29/3/10
REM
No me dejes, ahora que acabas de llegar, ni siquiera conozco tu nombre y no te puedo olvidar. Difuminada imagen de ti guardo, mas tu impulsivo acto produjo escalofríos inesperados en mi. Dime si de verdad sigues ahí, si pretendes convencerme de que existes fuera de mi mente. Y aunque sólo en sueños sienta esta paz, mantente cerca y conserva la llama, pues solamente tú has levantado mi espíritu, animándolo a atreverse de nuevo, a sentir anhelo.
28/3/10
Impenetrable Intimidad
¿Quién se acuerda de mi? Si constantemente yo mismo me olvido. Cualquier sentencia inusual y esporádica se convierte a menudo en cotidiana, ya nada satisface el apetito, nadie llena el alma, la distancia separa el sentimiento y no permite reemplazar los días vacíos. No veo mas que puertas cerradas, mensajes perdidos, miradas siendo barajadas y nunca repartidas. Una atmósfera alborotada, incontrolable, ante la cual no se presenta tregua, indicio o posibilidad que le de aire a una asfixiada esperanza, que adolece de atención, de significado propio. Y no es por falta de ganas, seguramente lo sea de esfuerzo, pero al debatir la necesidad con la realidad, no existe acuerdo. Únicamente resignación, inexistencia y hundimiento. Sufrir, desistir, o permanecer cual muerto viviente en la corriente de la malévola invisibilidad para con los demás.
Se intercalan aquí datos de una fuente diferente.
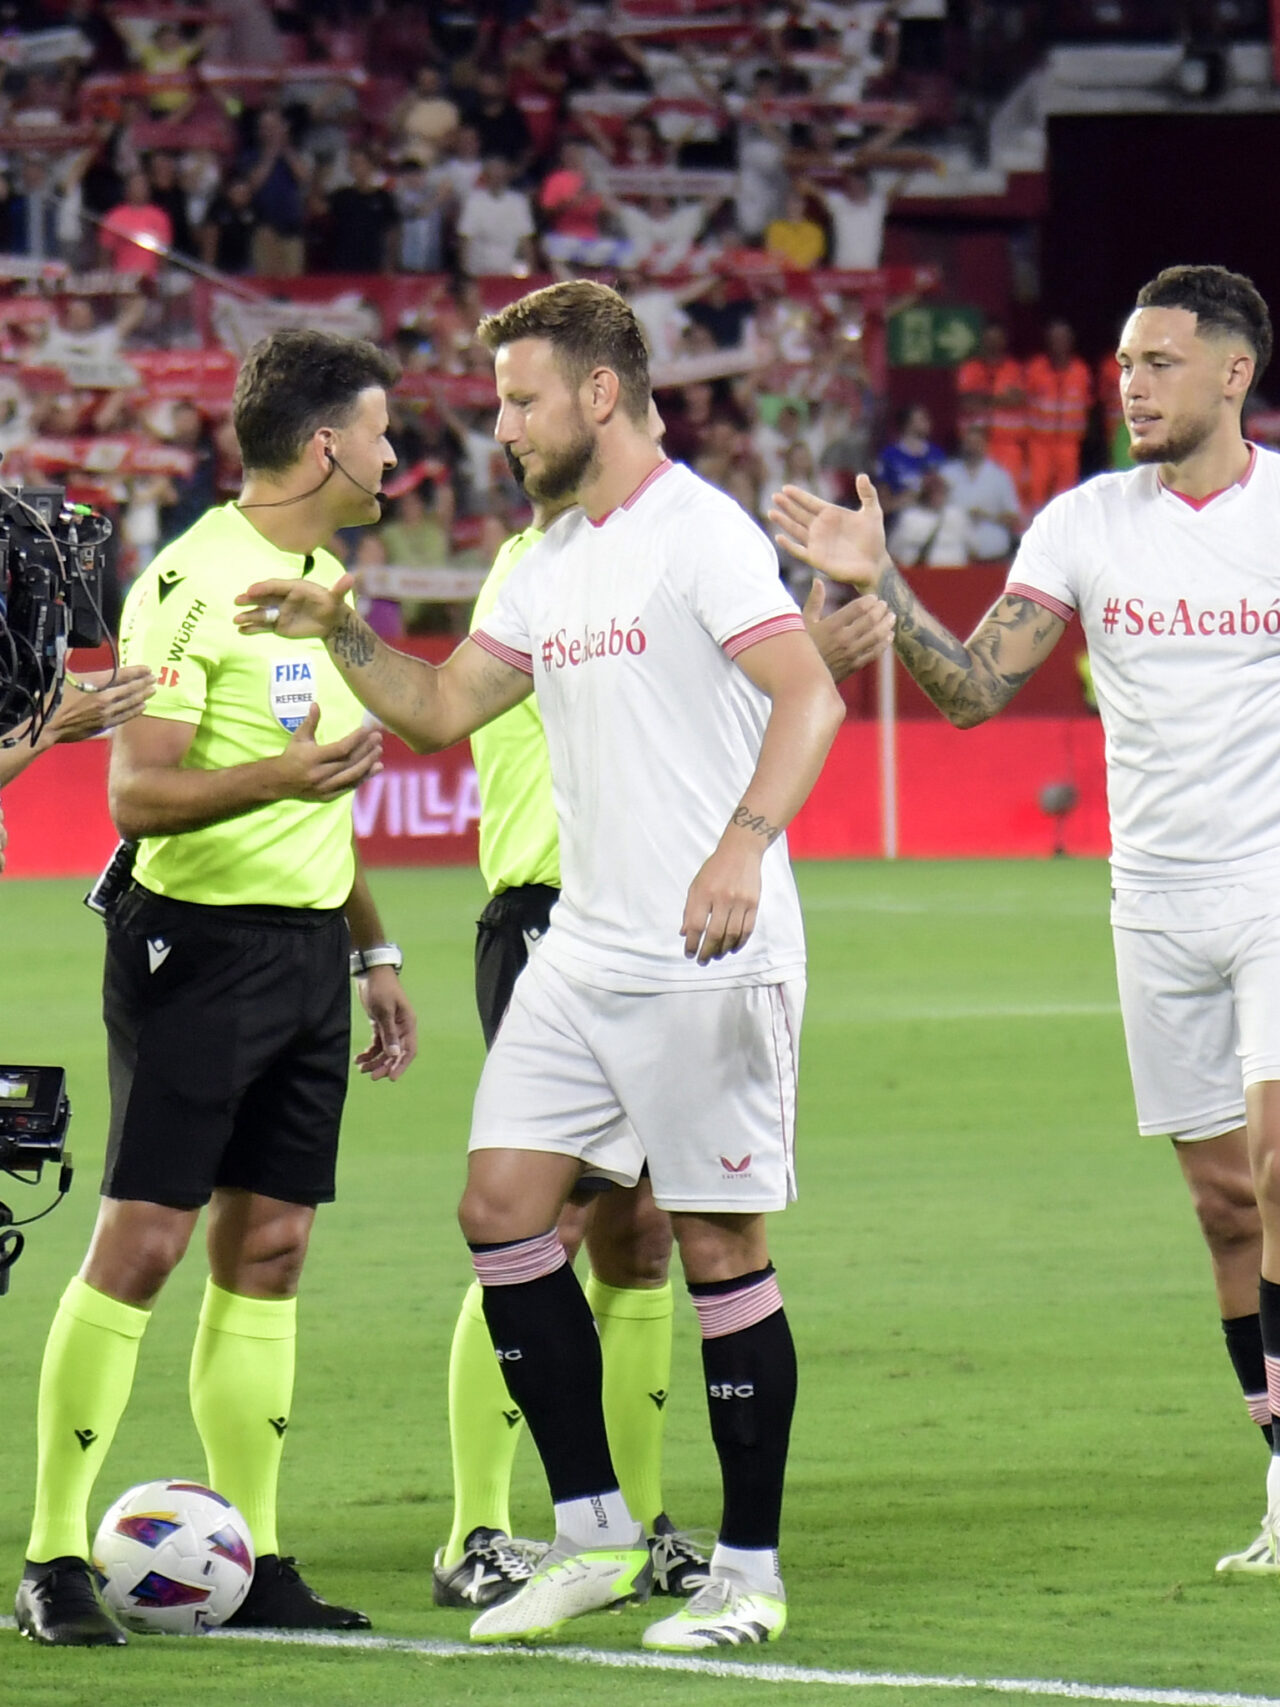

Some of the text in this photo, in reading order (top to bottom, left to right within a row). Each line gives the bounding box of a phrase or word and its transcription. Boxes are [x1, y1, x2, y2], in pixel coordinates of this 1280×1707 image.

[275, 663, 312, 682] FIFA
[275, 693, 313, 704] REFEREE
[710, 1384, 754, 1400] SFC
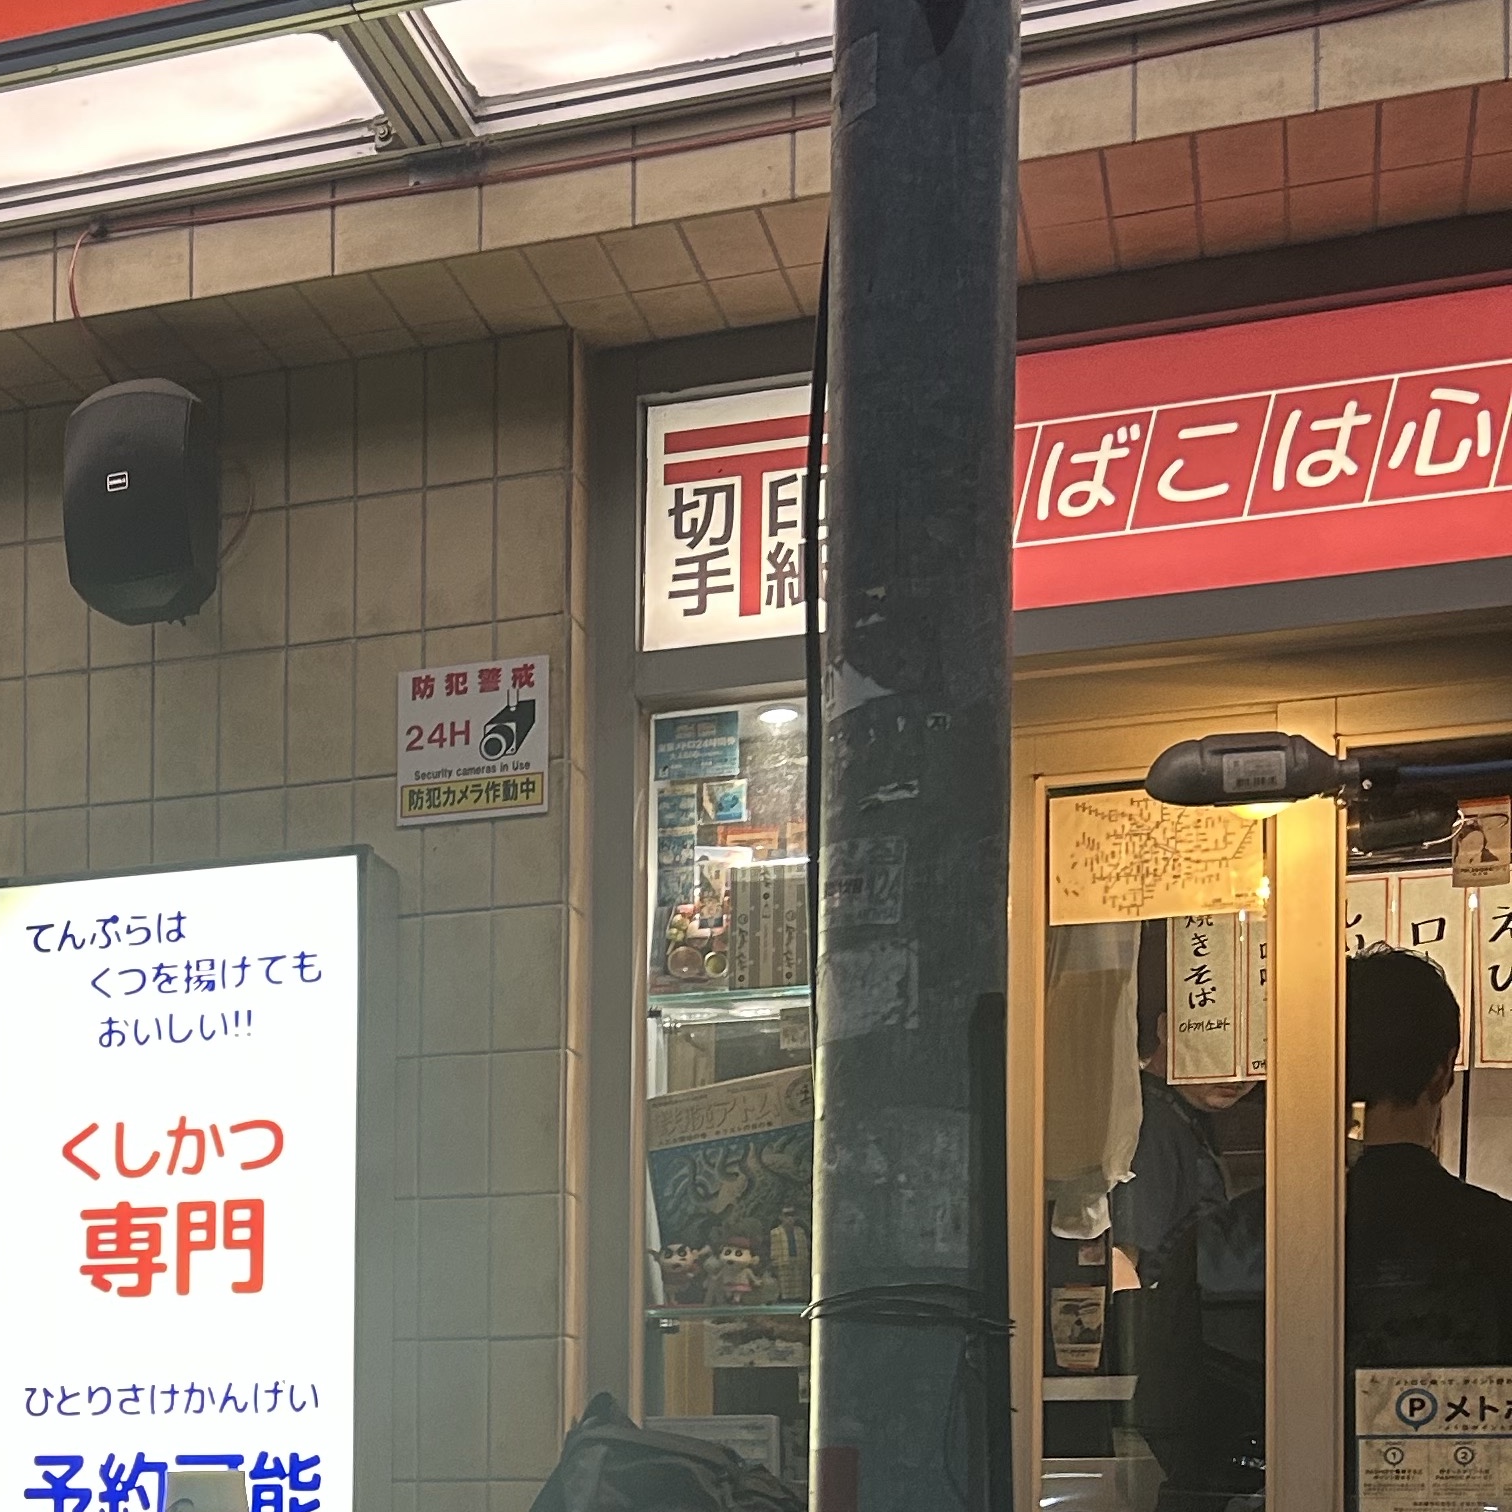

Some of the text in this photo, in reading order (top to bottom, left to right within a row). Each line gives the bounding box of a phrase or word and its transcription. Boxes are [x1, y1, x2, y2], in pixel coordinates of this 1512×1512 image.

[1037, 387, 1492, 521] ばこは心
[668, 483, 735, 617] 切手
[411, 663, 535, 701] 防犯警戒
[405, 719, 471, 752] 24H
[414, 768, 452, 781] Security
[456, 762, 497, 777] cameras
[512, 759, 531, 771] Use
[408, 776, 536, 812] 防犯カメラ作動中
[26, 910, 187, 953] てんぷらは
[62, 1115, 284, 1181] くしかつ
[79, 1199, 265, 1297] 専門
Vicioso círculo pretencioso, orgulloso de creer aportar aire cuando tan solo coexiste pasividad y observación, lejos de cualquier indicio de revolución, avance, escalada o culminación. Como una roca, siento que me hago parecer imperturbable, lejano e impenetrable, sin ningún tipo de valor, cual piedra en medio del asfalto, siempre por debajo del mundo exterior. Y la luz en la noche no hace sino acrecentar las sombras, alejar el calor de la intimidad compartida, mostrando la verdadera cara de la indiferencia, la fantasmagórica imagen en un espejo invertido en el cual no puedo reflejar imagen alguna. En el ultimo aliento del ayer maldigo la sangre que hierve en mis venas, por no ser, no saber o no querer pertenecer al teatro de los sueños, donde todos aparentan divertirse, allí donde la brecha entre el mundo y mi mundo se hace tan sumamente extensa que me abandona en solitario a la mala fortuna. Por lo que hace tiempo que empecé a sospechar que en este cruel laberinto de castigo eterno se olvidaron de construir una salida, y no hay suficiente aliciente en su interior como para seguir buscándola con el esfuerzo que antes invertía. Tal vez, si sucediera que una señal o acto de milagroso índole me llegara a incluir en sus planes, acompañándome hacia una nueva realidad palpable, pudiera volver a mirar con fe a la esperanza. Pero francamente, hasta nuevo aviso, eso es algo en lo cual no quiero, ni debo, permitirme creer.